Originally a song text, no contemporary musical settings survive, although there are many notable modern choral settings of the text, such as that by Boris Ord.
Origins
The manuscript in which the poem is found (Sloane MS 2593, ff. 10v-11) is held by the British Library, who date the work to c.1400 and speculate that the lyrics may have belonged to a wandering minstrel; other poems included on the same page in the manuscript include "I have a gentil cok", the famous lyric poem "I syng of a mayden" and two riddle songs – "A minstrel's begging song" and "I have a yong suster".[2]

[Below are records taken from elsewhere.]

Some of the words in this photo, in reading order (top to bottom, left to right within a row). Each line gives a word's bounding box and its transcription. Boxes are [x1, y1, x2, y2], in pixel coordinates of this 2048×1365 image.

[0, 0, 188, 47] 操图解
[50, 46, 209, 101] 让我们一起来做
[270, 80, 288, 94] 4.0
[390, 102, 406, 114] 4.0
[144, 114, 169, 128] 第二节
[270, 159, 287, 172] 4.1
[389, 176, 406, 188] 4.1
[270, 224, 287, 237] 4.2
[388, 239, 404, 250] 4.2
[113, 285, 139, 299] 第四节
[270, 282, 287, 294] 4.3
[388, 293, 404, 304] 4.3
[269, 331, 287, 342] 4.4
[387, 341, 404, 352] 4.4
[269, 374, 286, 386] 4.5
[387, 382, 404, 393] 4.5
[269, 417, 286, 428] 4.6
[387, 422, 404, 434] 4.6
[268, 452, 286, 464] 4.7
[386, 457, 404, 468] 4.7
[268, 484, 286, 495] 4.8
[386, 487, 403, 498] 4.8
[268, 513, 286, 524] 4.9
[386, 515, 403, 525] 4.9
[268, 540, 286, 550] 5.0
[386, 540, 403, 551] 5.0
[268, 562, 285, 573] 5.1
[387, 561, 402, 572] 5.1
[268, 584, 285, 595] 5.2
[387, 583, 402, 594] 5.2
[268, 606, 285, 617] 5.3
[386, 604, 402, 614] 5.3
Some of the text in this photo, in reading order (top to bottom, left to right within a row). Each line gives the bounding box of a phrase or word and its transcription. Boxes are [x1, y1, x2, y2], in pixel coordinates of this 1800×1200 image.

Analysis of their dialect by K.R. Palti (2008) places them within the song tradition of East Anglia and more specifically Norfolk; two further carol manuscripts from the county contain songs from Sloane MS 2593.[3] The texts of the songs were first printed by Victorian antiquarian Thomas Wright in 1836, who speculated that a number of the songs were intended for use in mystery plays.[4]
Analysis
Adam lay ybounden relates the events of Genesis, Chapter 3. In medieval theology, Adam was supposed to have remained in bonds with the other patriarchs in the limbus patrum from the time of his death until the crucifixion of Christ (the "4000 winters").[5] The second verse narrates the Fall of Man following Adam's temptation by Eve and the serpent. John Speirs suggests that there is a tone of astonishment, almost incredulity in the phrase "and all was for an apple", noting "an apple, such as a boy might steal from an orchard, seems such a little thing to produce such overwhelming consequences. Yet so it must be because clerks say so. It is in their book (probably meaning the Vulgate itself)."[6]
The third verse suggests the subsequent redemption of man by the birth of Jesus Christ by Mary, who was to become the Queen of Heaven as a result,[7] and thus the song concludes on a positive note hinting at Thomas Aquinas' concept of the "felix culpa" (blessed fault).[6] Paul Morris suggests that the text's evocation of Genesis implies a "fall upwards.[8] Speirs suggests that the lyric retells the story in a particularly human way: "The doctrine of the song is perfectly orthodox...but here is expressed very individually and humanly. The movement of the song reproduces very surely the movements of a human mind."[6]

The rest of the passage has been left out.